Une première version de ce document, rédigée par un groupe de travail du Comité national pour la bientraitance et les droits des personnes âgées et des personnes handicapées, avait été présentée le 25 juin 2013. Michèle Delaunay avait alors dit prévoir le lancement de l’expérimentation dès l’été 2013. Cependant, la charte a nécessité des travaux complémentaires avec le ministère de la Justice, et Matignon l’a validée en janvier 2014.

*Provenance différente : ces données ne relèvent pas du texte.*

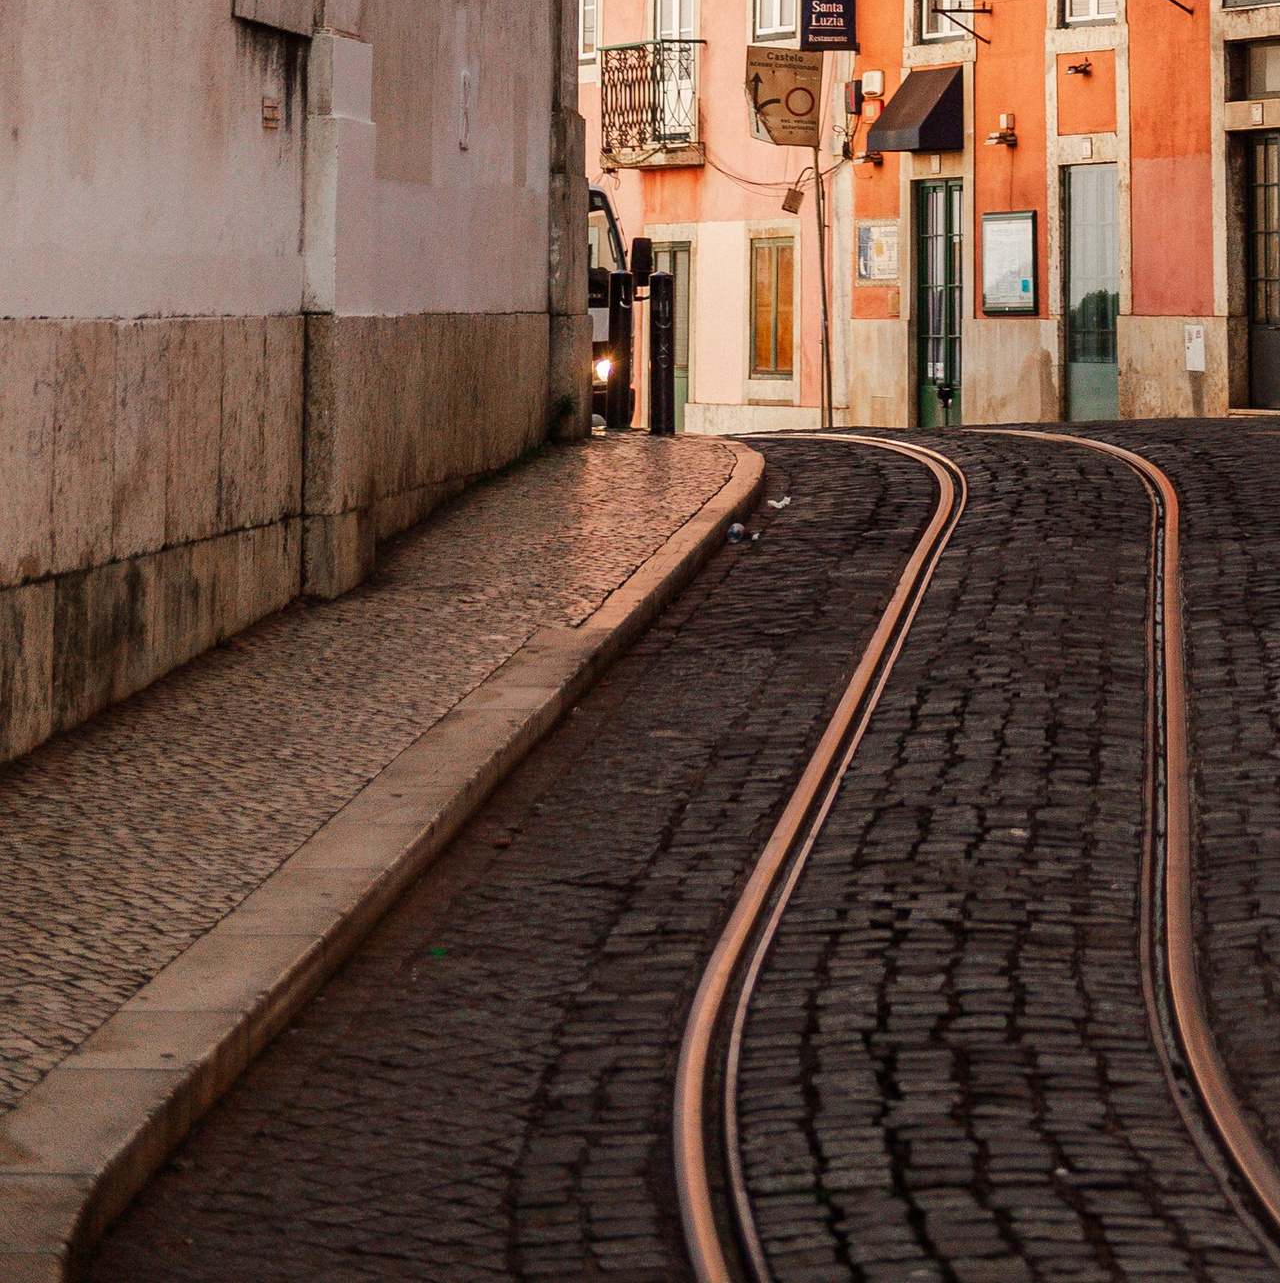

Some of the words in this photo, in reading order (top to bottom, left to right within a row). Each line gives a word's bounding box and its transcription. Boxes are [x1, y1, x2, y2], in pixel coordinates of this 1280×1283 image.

La charte a été soumise à la Cnil. Ces travaux sur la géolocalisation faisaient suite, en particulier, à une série de décès, début 2013, de personnes âgées ayant quitté leur chambre ou leur établissement à l’insu des équipes. Les dispositifs dont il est question « peuvent prendre la forme de bracelets, de montres, de médailles, de téléphones mobiles avec GPS, ou même d’autocollants avec un “flash-code” qu’il suffit de scanner si une personne âgée est retrouvée en difficulté ». Les établissements y recourant sont encore peu nombreux, mais il s’agit de « prévenir les usages abusifs » tout en encourageant une utilisation respectant l’autonomie des personnes âgées. La charte n’a pas de valeur juridique contraignante mais l’expérimentation doit permettre de voir si elle permet d’améliorer la liberté d’aller et de venir des personnes, et elle devrait aboutir à la création d’un label.